Items from a dataset:
# # # #

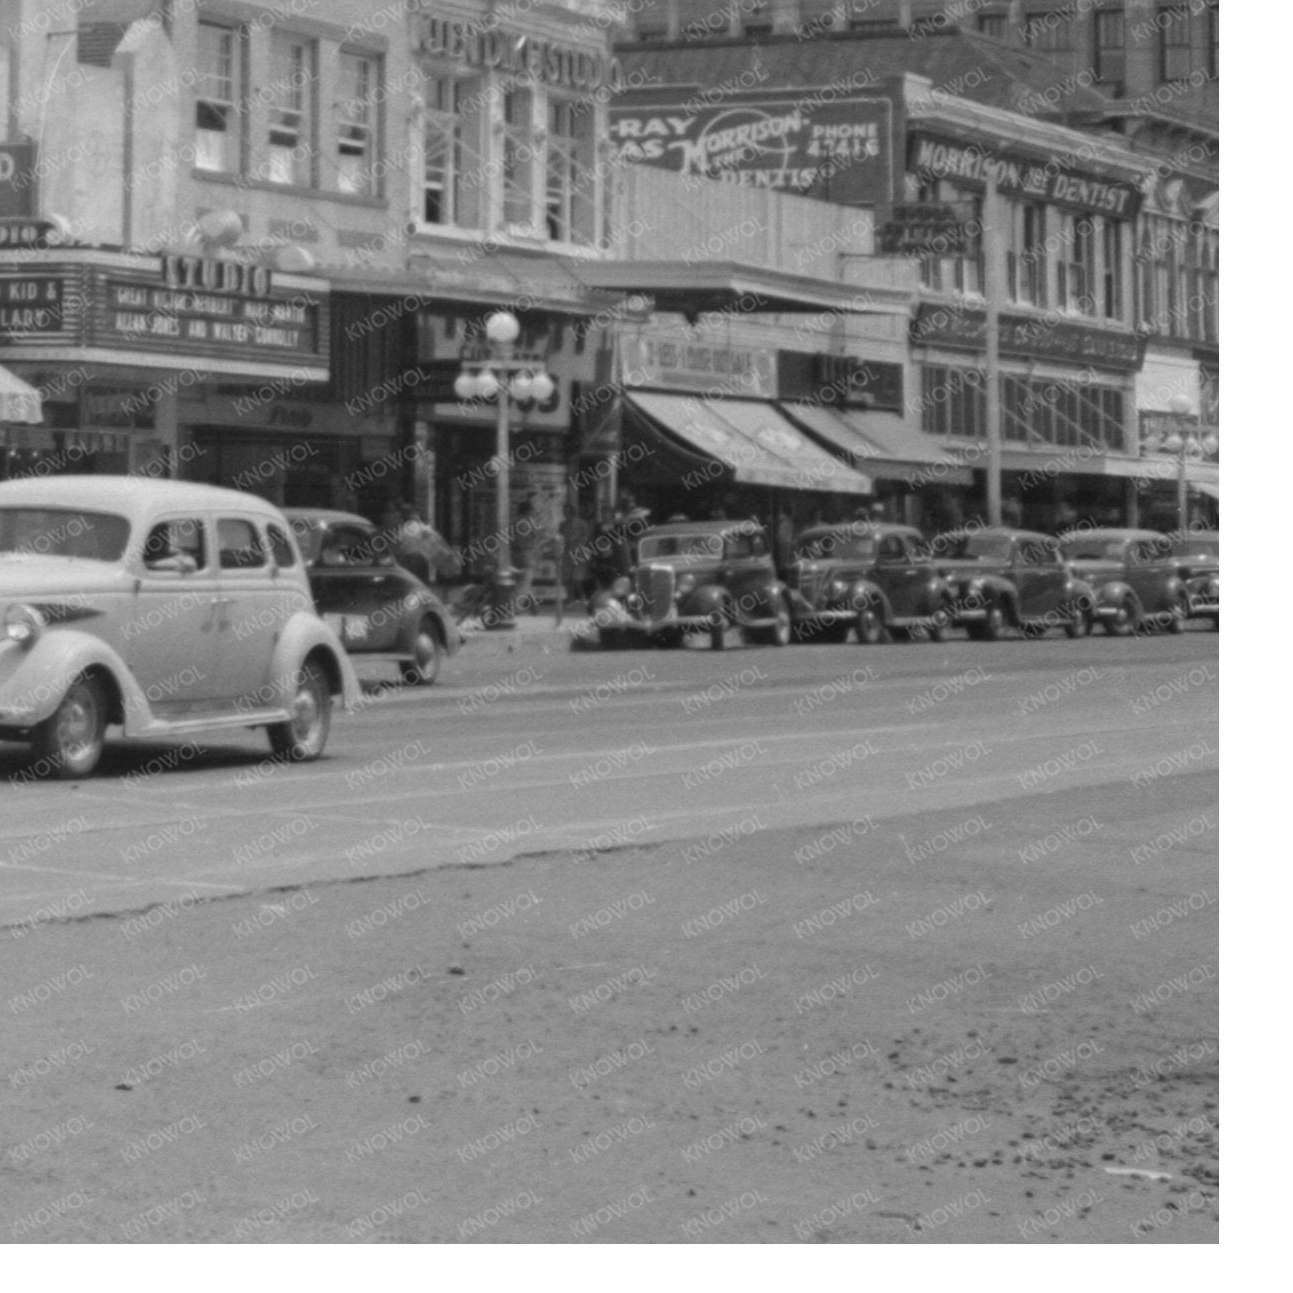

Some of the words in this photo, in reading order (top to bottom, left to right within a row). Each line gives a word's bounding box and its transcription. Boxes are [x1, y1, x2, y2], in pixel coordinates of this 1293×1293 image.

[812, 123, 878, 138] PHONE
[720, 168, 835, 188] DENTIS
[917, 140, 1022, 187] MORRISON
[1053, 173, 1130, 213] DENTIST
[9, 282, 38, 300] KID
[46, 282, 58, 300] &
[0, 308, 46, 327] LADY
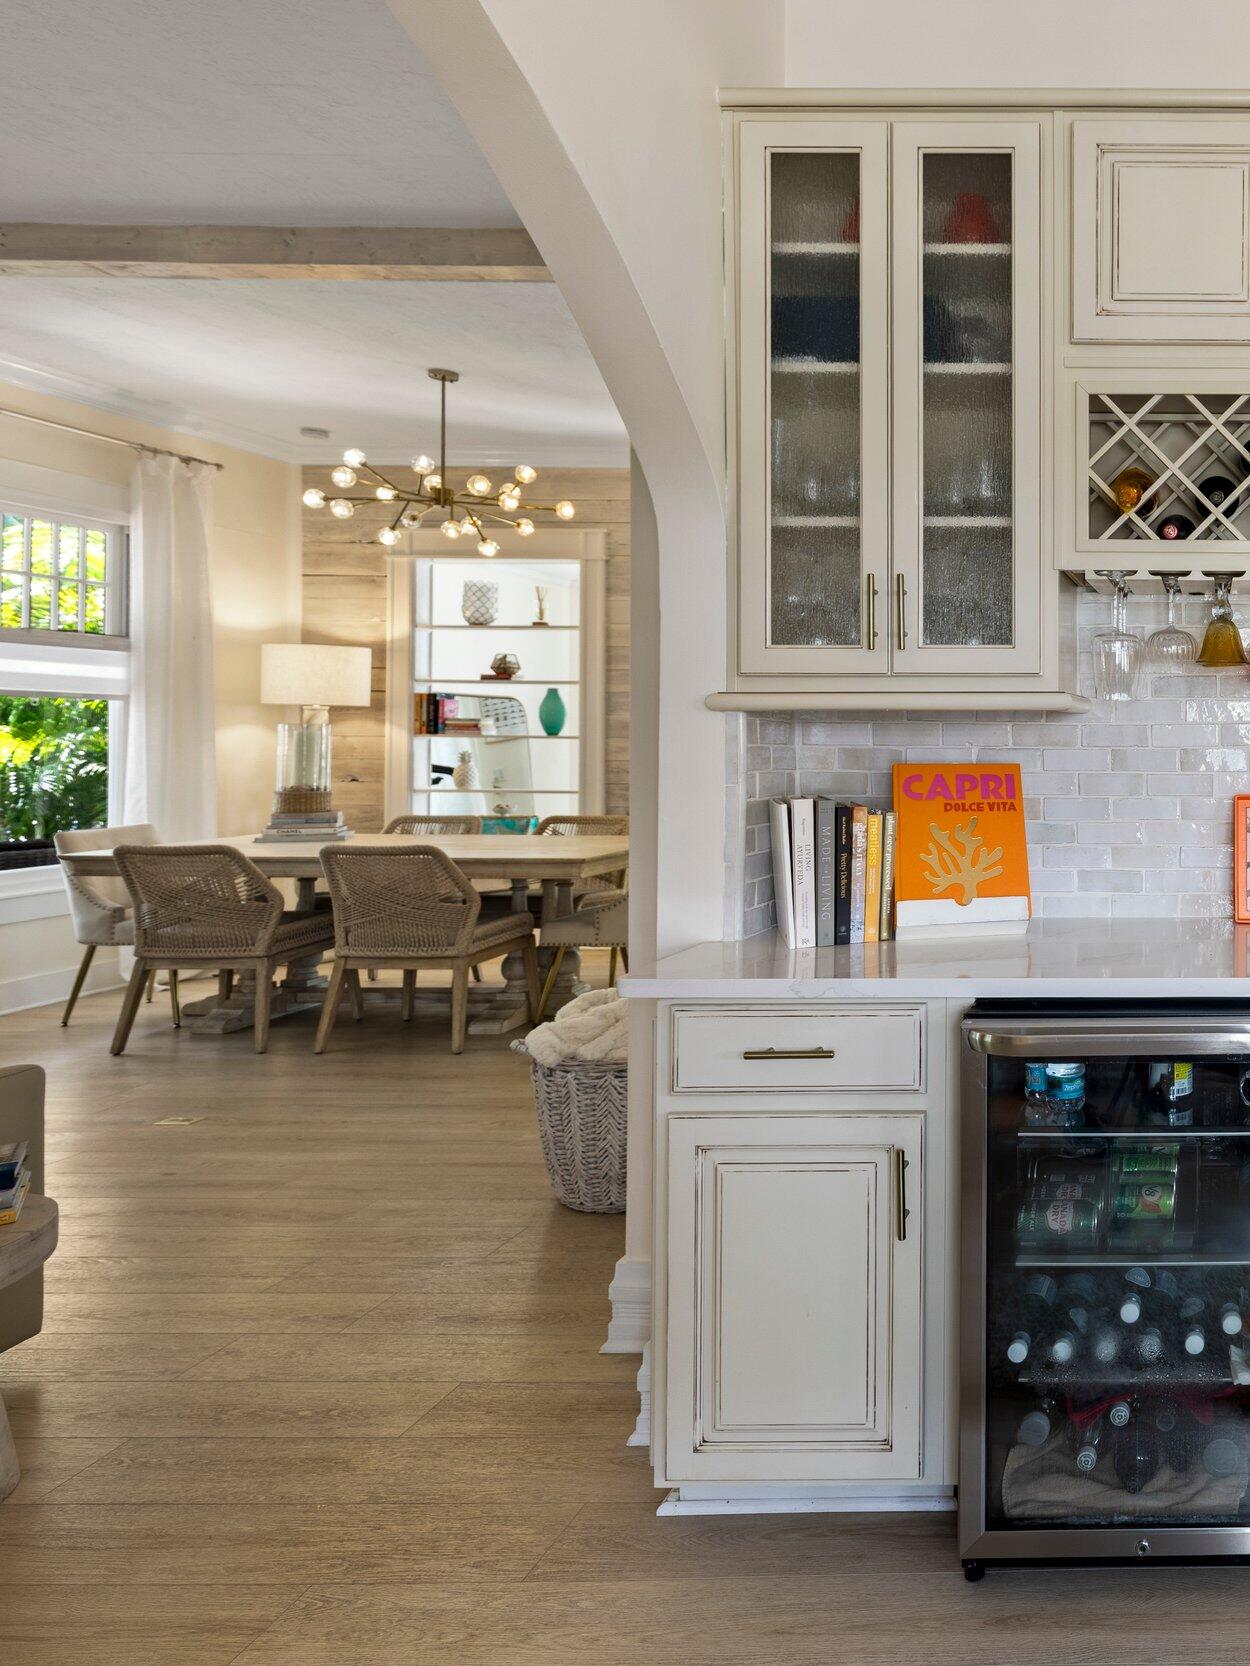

# # # #

### [ACTION ITEM]
Print the data once more without any change, skipping each picture.

### [FINISHED TASK]
Some of the words in this photo, in reading order (top to bottom, left to right within a row). Each line gives a word's bounding box and its transcription. Boxes are [x1, y1, x2, y2], in pixel coordinates of this 1293×1293 image.

[812, 123, 878, 138] PHONE
[720, 168, 835, 188] DENTIS
[917, 140, 1022, 187] MORRISON
[1053, 173, 1130, 213] DENTIST
[9, 282, 38, 300] KID
[46, 282, 58, 300] &
[0, 308, 46, 327] LADY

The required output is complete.